Are Pygoras really just Pygmys and Angoras mixed?  If I bred my Pygmys with an Angora buck would I have Pygora babies?

What are they used for?  Just wondering...


----------



## Ninny (Sep 8, 2009)

Pygoras are a mini fiber goat.    They come in all the pigmy colors

http://www.pygoragoats.org/

I very much want some of them.


----------



## crazygoatlady (Sep 8, 2009)

I am looking at them also--Pygmies can have the cashmere gene--as I understand it.    I had 30 angoras and a handful of cashmeres at one time-I am looking now-but I want CAE and CL tested  goats as I don't want to deal with changing clothes, and boots, etc.    Also the pygoras keep their nice fiber as the get older --I would imagine that might have to do with the pygmy  gene.   I love to dye mohair, I wonder how pygora is to spin and felt.  Mohair is slipperly to me.   Took a little bit to get used to it and my mohair didn't felt, but I felted wool, the incorporated the dyed mohair into the wool,  it was really pretty.    I am going to have to play around again.


----------



## Henrietta23 (Sep 20, 2009)

I saw some today at a fiber festival at the Farmers' Market. I'm seriously considering one pygora and one Oberhasli so I can have fiber and milk. I really liked the sample projects they had on display. The information they had posted stated that there are three fiber types and one is cashmere.


----------



## kimmyh (Sep 20, 2009)

Pygora fiber is soft like rabbit, with longer strands. It is wonderful if you like to knit, crochet, or weave.


----------



## FarmerMack (Nov 12, 2009)

I currently own 2 Pygora bucks, lil BO and Orion they were born in mid July 09. their father is an angora named "Rasta goat" (has the right attitude) and the mom was a white pygmy. the fiber is used to make cashmere items and both of the boys have the feel of walking cashmere sweaters. the production years of a pygora is far longer than the useful fiber one gets from an angora. 

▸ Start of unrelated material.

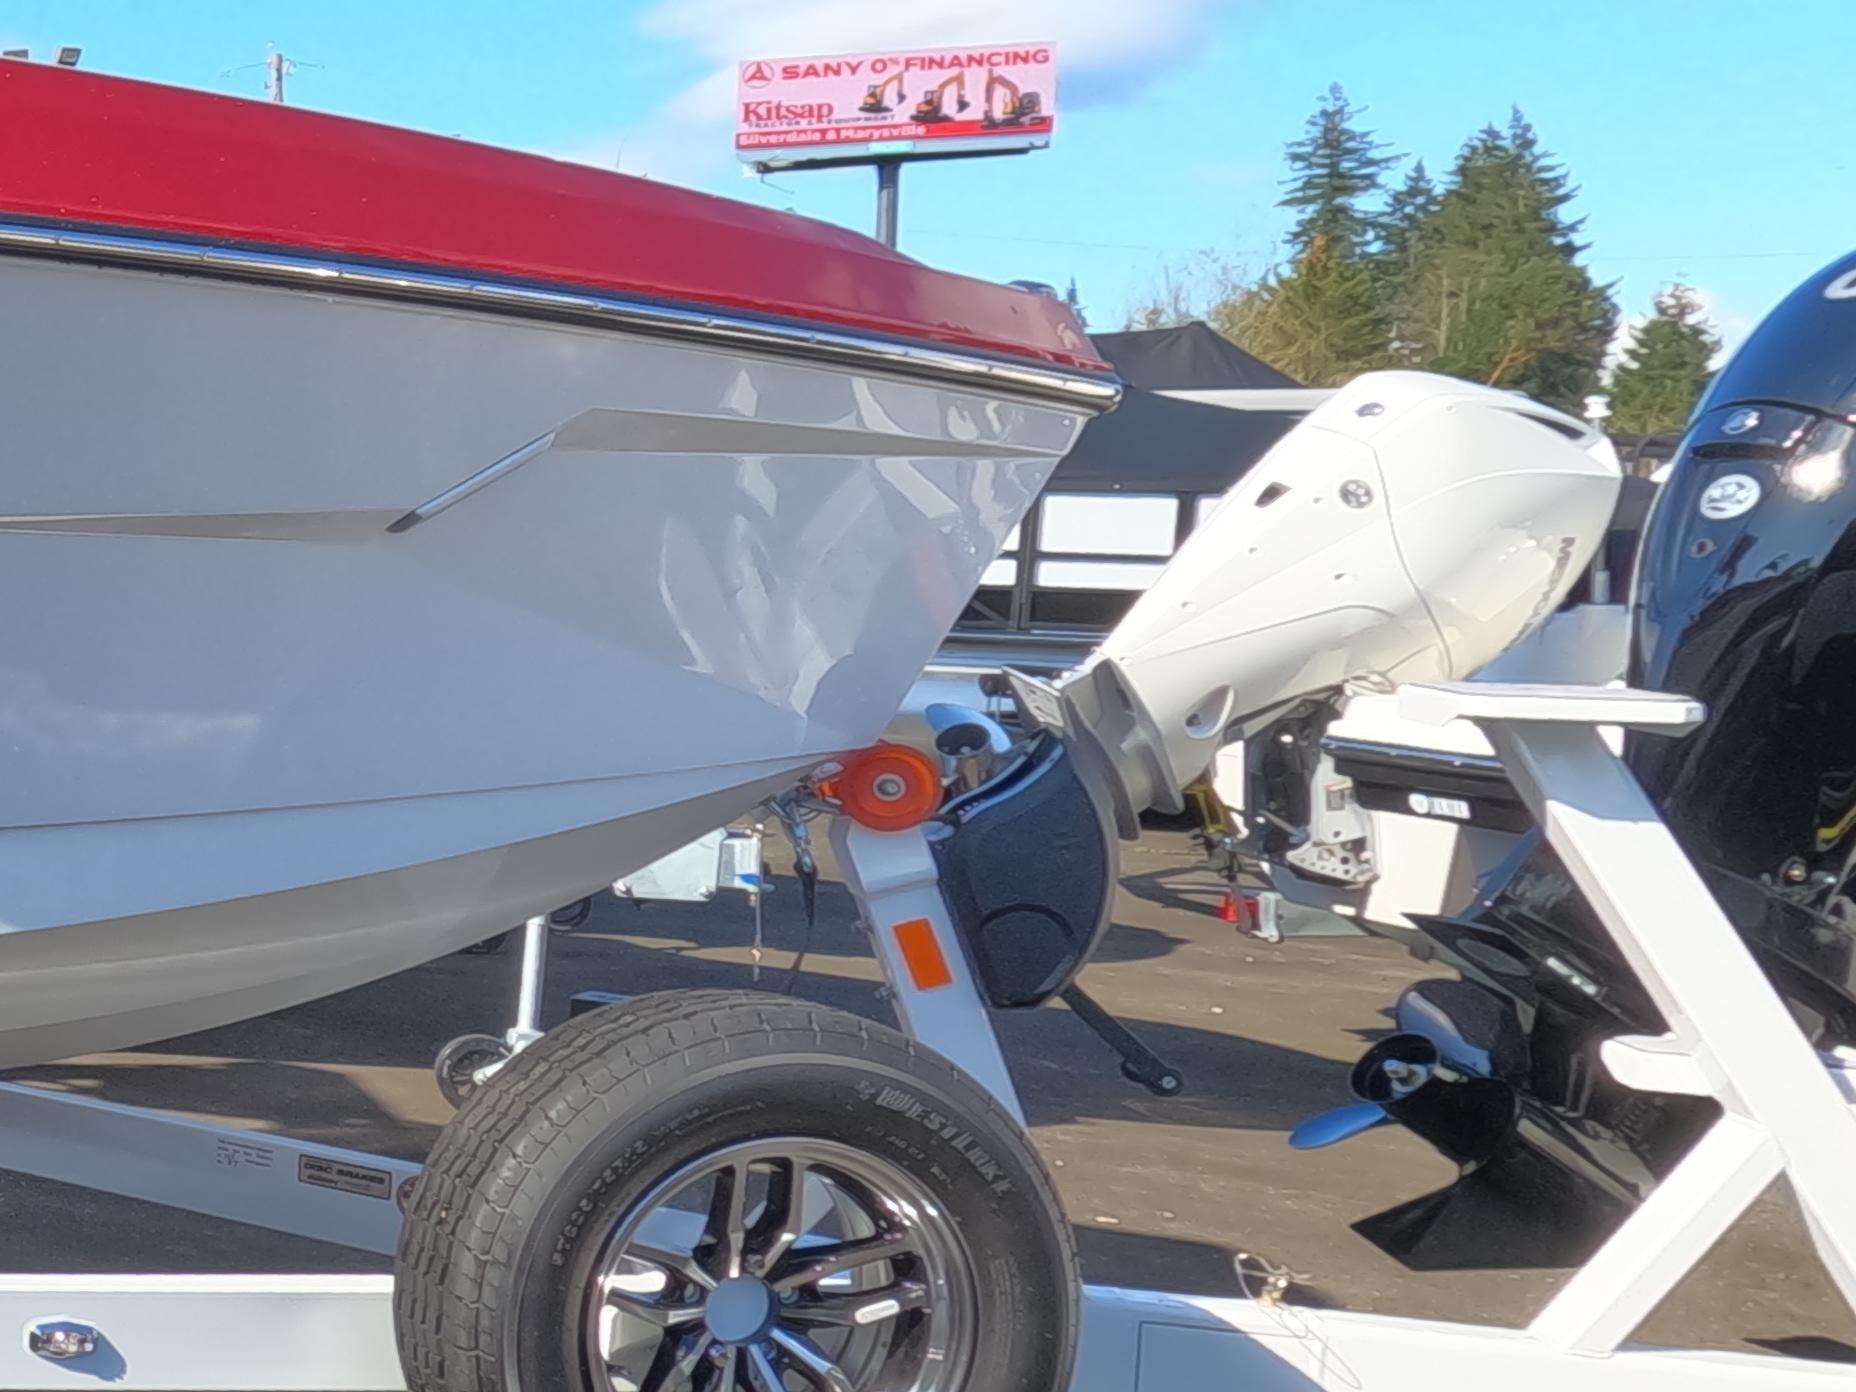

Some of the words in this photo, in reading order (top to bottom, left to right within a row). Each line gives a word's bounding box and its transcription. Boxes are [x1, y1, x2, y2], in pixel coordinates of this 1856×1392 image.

very friendly breed, this website is a good source of information on the breed http://www.pygoragoats.org/







Lil Bo last week his dad was getting a gang shearing   3 against one we won he's looking great


----------



## no nonsense (Nov 19, 2009)

dianneS said:
			
		

> Are Pygoras really just Pygmys and Angoras mixed?  If I bred my Pygmys with an Angora buck would I have Pygora babies?
> 
> What are they used for?  Just wondering...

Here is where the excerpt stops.